**WHAT YOU HAVE TO DO**
Go through the entries and transcribe each one exactly, dropping the pictures.

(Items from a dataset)

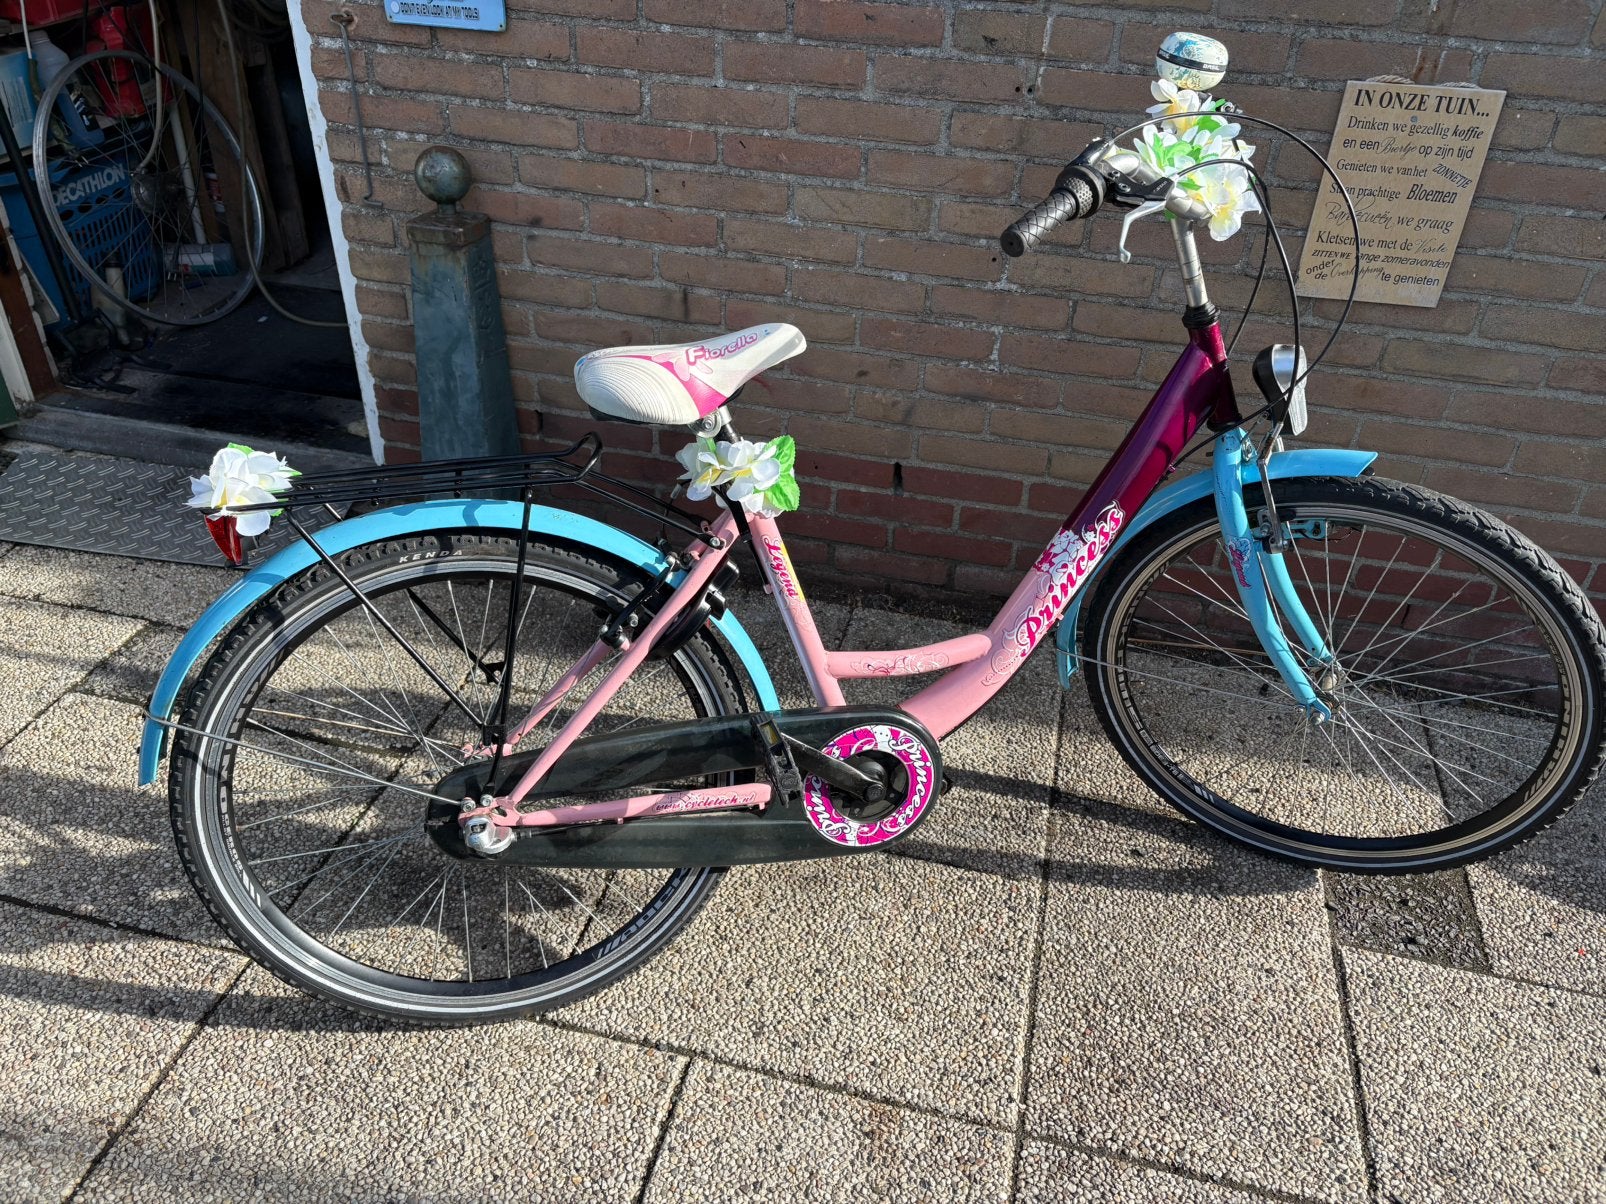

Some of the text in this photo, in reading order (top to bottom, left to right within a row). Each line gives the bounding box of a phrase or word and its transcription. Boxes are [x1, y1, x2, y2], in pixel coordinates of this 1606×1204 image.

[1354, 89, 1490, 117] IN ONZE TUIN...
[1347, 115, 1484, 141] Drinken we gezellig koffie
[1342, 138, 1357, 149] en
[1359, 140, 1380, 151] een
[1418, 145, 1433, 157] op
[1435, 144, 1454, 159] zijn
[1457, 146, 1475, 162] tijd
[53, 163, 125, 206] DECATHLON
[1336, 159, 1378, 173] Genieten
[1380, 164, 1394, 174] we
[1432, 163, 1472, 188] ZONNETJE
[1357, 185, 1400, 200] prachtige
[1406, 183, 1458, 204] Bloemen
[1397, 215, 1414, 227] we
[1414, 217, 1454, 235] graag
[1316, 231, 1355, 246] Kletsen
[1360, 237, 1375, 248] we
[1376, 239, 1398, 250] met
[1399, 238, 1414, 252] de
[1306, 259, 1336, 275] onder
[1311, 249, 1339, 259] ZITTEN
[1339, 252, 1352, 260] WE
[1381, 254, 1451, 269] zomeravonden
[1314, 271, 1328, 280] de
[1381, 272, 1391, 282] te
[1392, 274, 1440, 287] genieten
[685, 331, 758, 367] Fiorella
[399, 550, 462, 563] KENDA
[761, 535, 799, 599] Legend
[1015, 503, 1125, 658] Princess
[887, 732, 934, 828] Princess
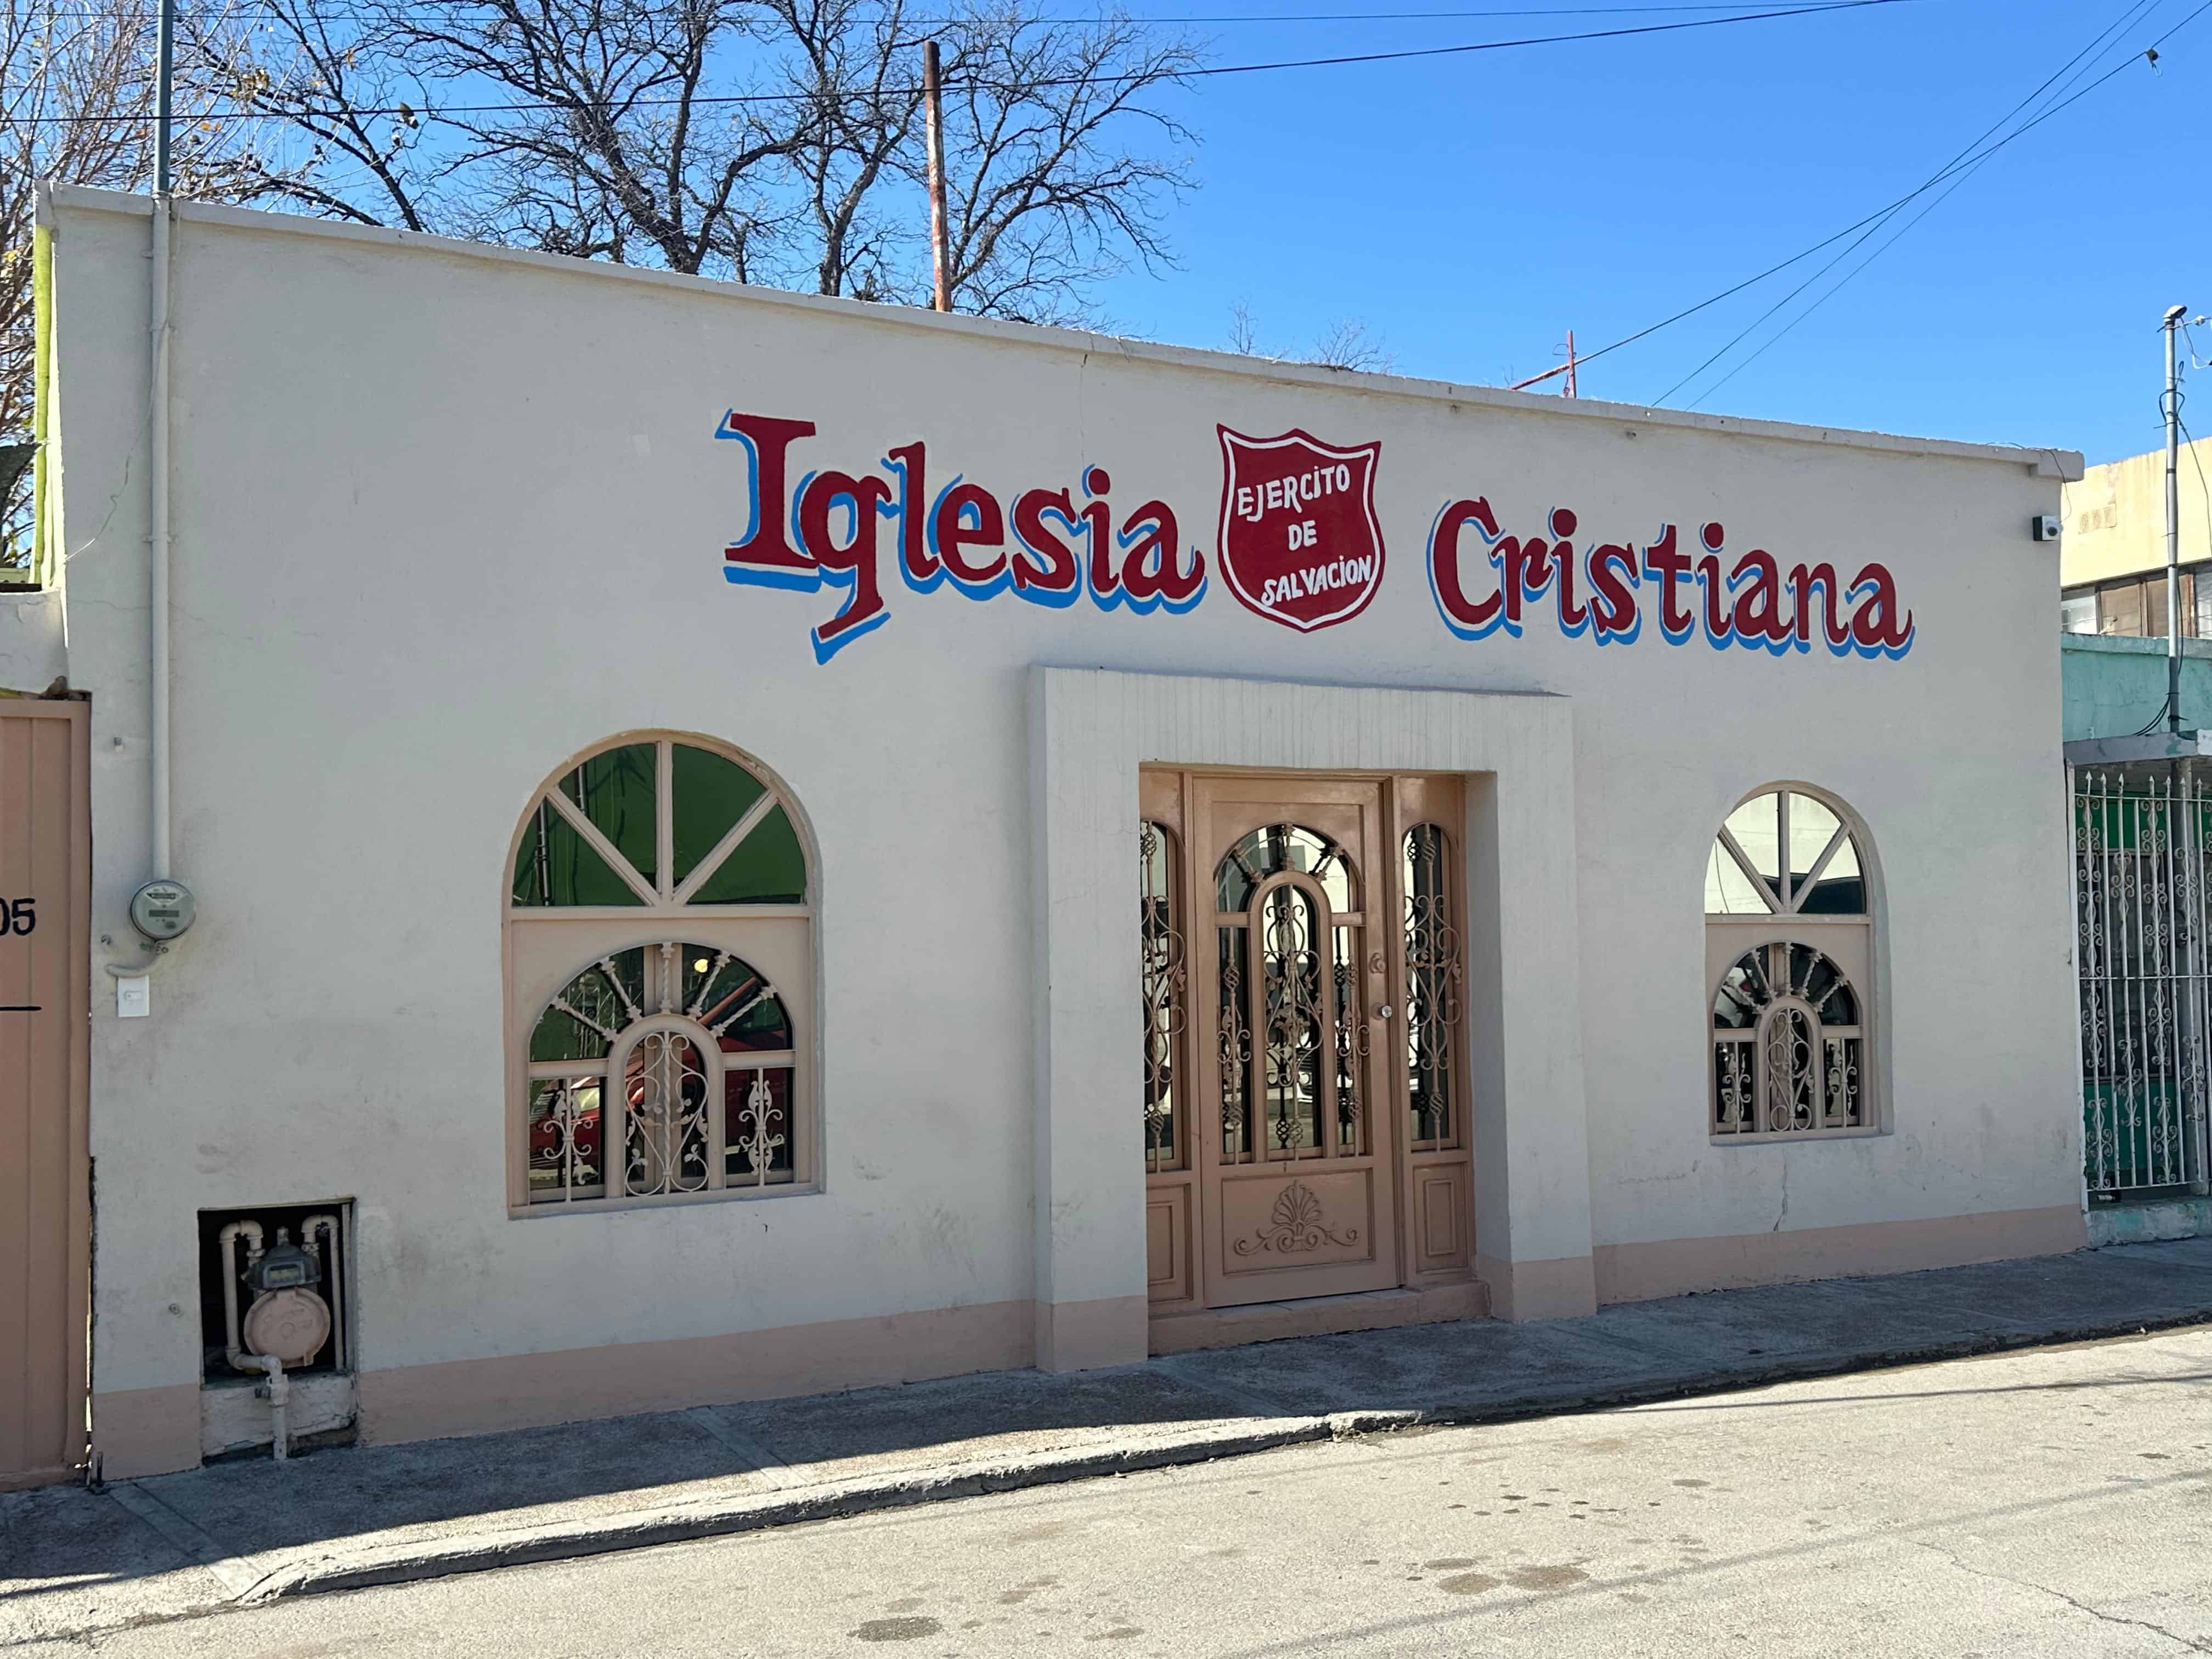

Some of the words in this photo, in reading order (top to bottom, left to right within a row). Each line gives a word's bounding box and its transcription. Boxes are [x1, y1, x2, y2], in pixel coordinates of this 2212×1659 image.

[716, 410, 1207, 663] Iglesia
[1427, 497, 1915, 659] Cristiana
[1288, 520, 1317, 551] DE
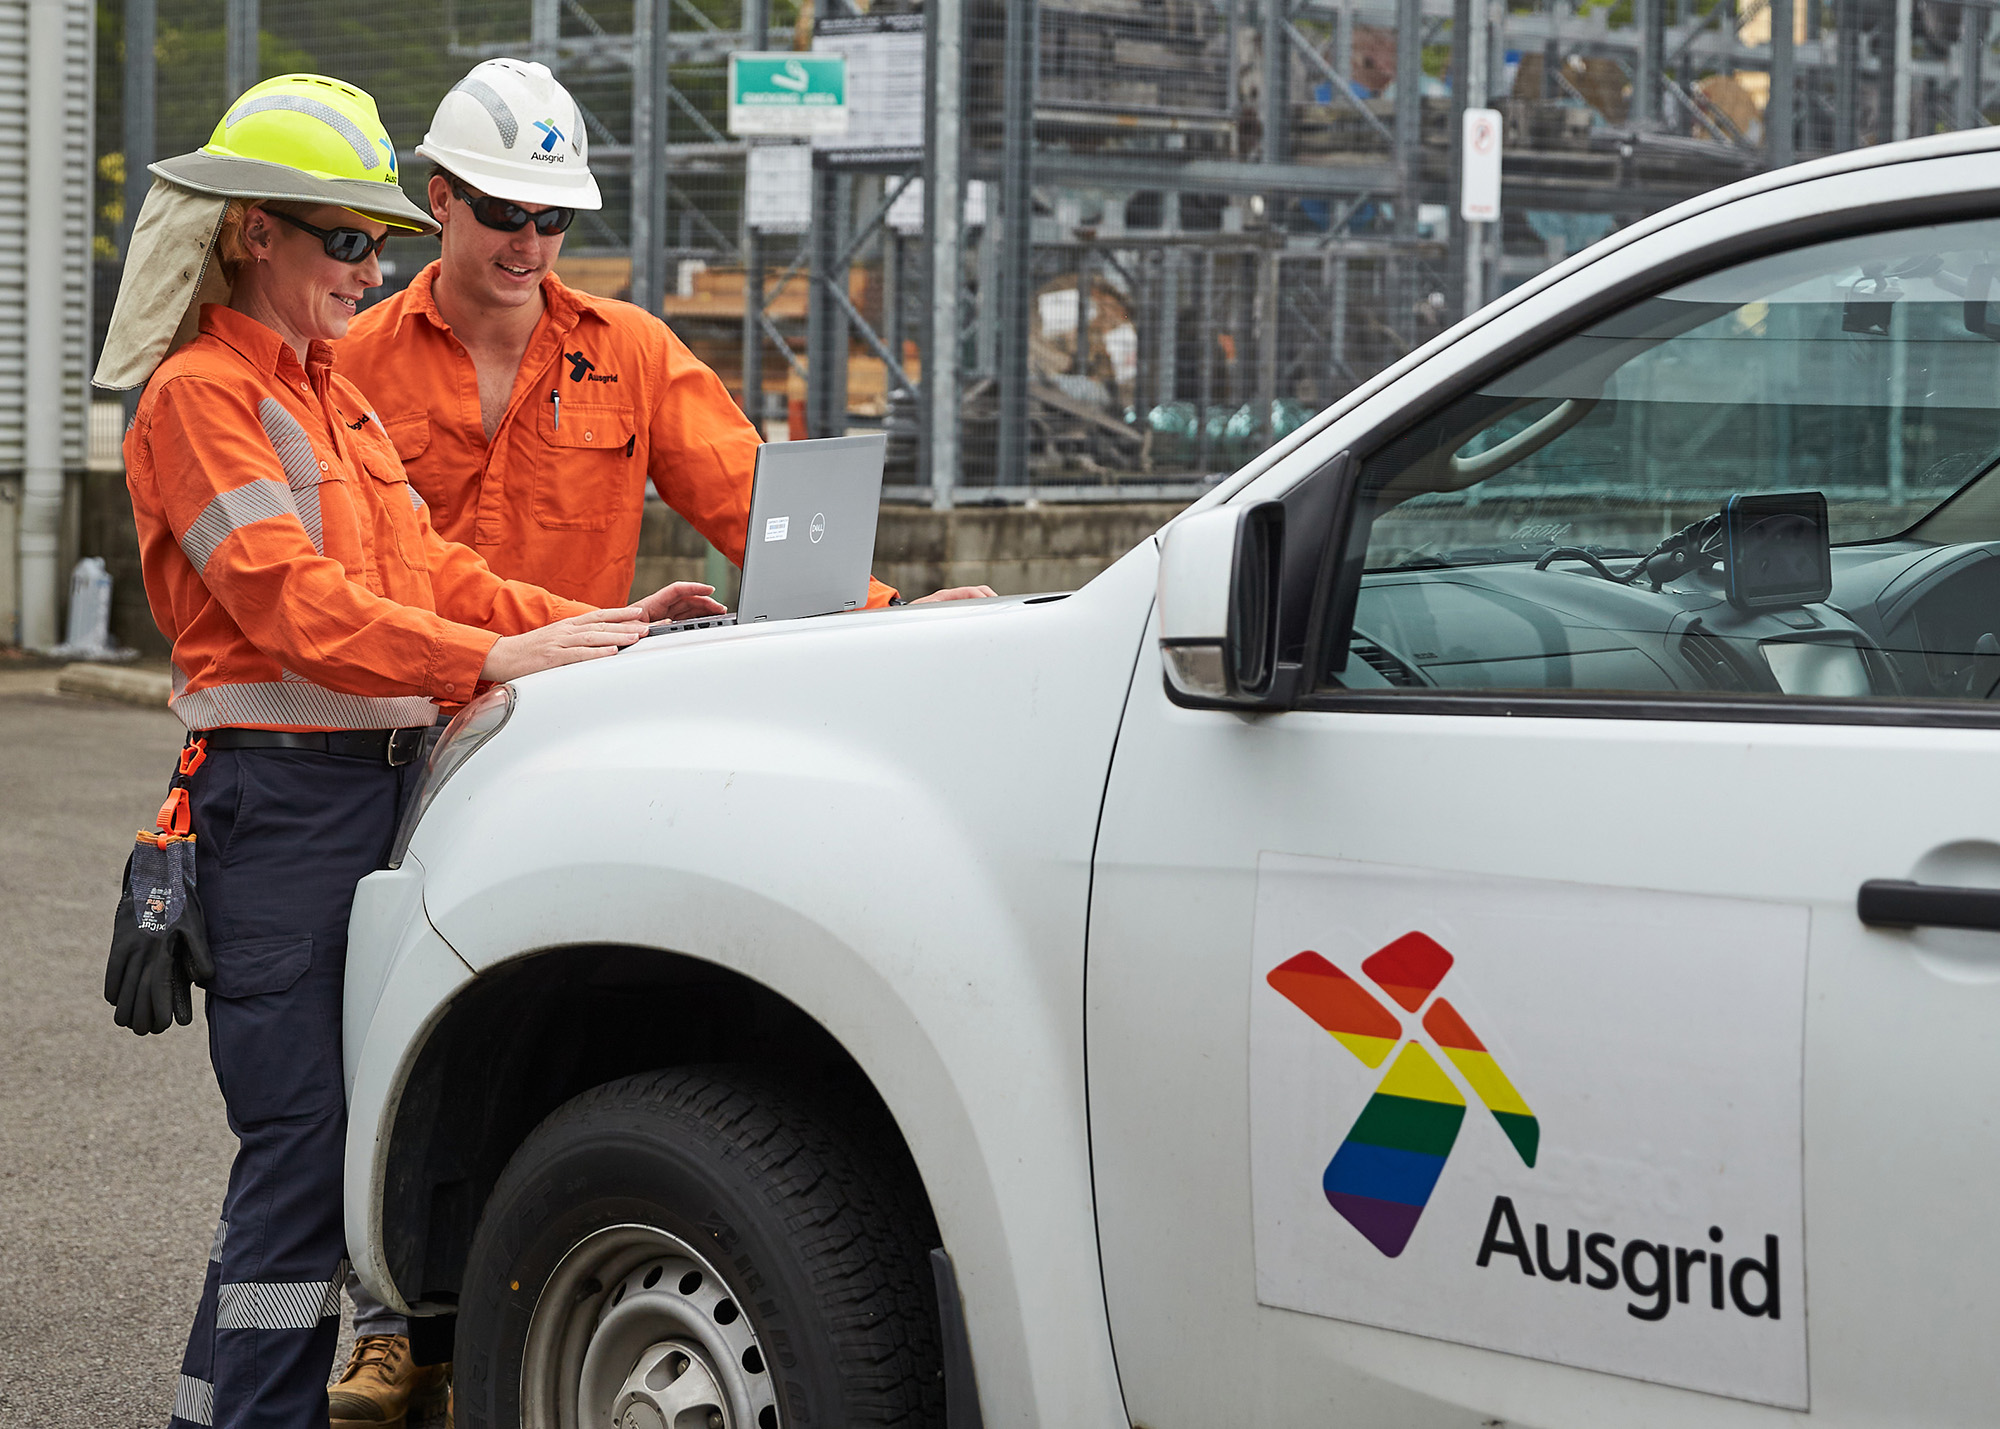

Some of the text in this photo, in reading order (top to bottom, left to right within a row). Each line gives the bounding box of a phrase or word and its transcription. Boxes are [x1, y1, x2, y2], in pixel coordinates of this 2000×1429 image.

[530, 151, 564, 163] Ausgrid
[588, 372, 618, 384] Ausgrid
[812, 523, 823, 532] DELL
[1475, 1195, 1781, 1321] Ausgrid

**WRITTEN RESPONSE**
Some of the text in this photo, in reading order (top to bottom, left to right within a row). Each line gives the bounding box of a phrase or word and its transcription. Boxes are [x1, y1, x2, y2], in pixel coordinates of this 1606×1204 image.

[1354, 89, 1490, 117] IN ONZE TUIN...
[1347, 115, 1484, 141] Drinken we gezellig koffie
[1342, 138, 1357, 149] en
[1359, 140, 1380, 151] een
[1418, 145, 1433, 157] op
[1435, 144, 1454, 159] zijn
[1457, 146, 1475, 162] tijd
[53, 163, 125, 206] DECATHLON
[1336, 159, 1378, 173] Genieten
[1380, 164, 1394, 174] we
[1432, 163, 1472, 188] ZONNETJE
[1357, 185, 1400, 200] prachtige
[1406, 183, 1458, 204] Bloemen
[1397, 215, 1414, 227] we
[1414, 217, 1454, 235] graag
[1316, 231, 1355, 246] Kletsen
[1360, 237, 1375, 248] we
[1376, 239, 1398, 250] met
[1399, 238, 1414, 252] de
[1306, 259, 1336, 275] onder
[1311, 249, 1339, 259] ZITTEN
[1339, 252, 1352, 260] WE
[1381, 254, 1451, 269] zomeravonden
[1314, 271, 1328, 280] de
[1381, 272, 1391, 282] te
[1392, 274, 1440, 287] genieten
[685, 331, 758, 367] Fiorella
[399, 550, 462, 563] KENDA
[761, 535, 799, 599] Legend
[1015, 503, 1125, 658] Princess
[887, 732, 934, 828] Princess

Some of the words in this photo, in reading order (top to bottom, left to right within a row). Each line gives a word's bounding box and its transcription. Boxes are [x1, y1, x2, y2], in pixel coordinates of this 2212×1659 image.

[716, 410, 1207, 663] Iglesia
[1427, 497, 1915, 659] Cristiana
[1288, 520, 1317, 551] DE

Some of the text in this photo, in reading order (top to bottom, left to right within a row). Each line gives the bounding box of a phrase or word and its transcription. Boxes are [x1, y1, x2, y2], in pixel coordinates of this 2000×1429 image.

[530, 151, 564, 163] Ausgrid
[588, 372, 618, 384] Ausgrid
[812, 523, 823, 532] DELL
[1475, 1195, 1781, 1321] Ausgrid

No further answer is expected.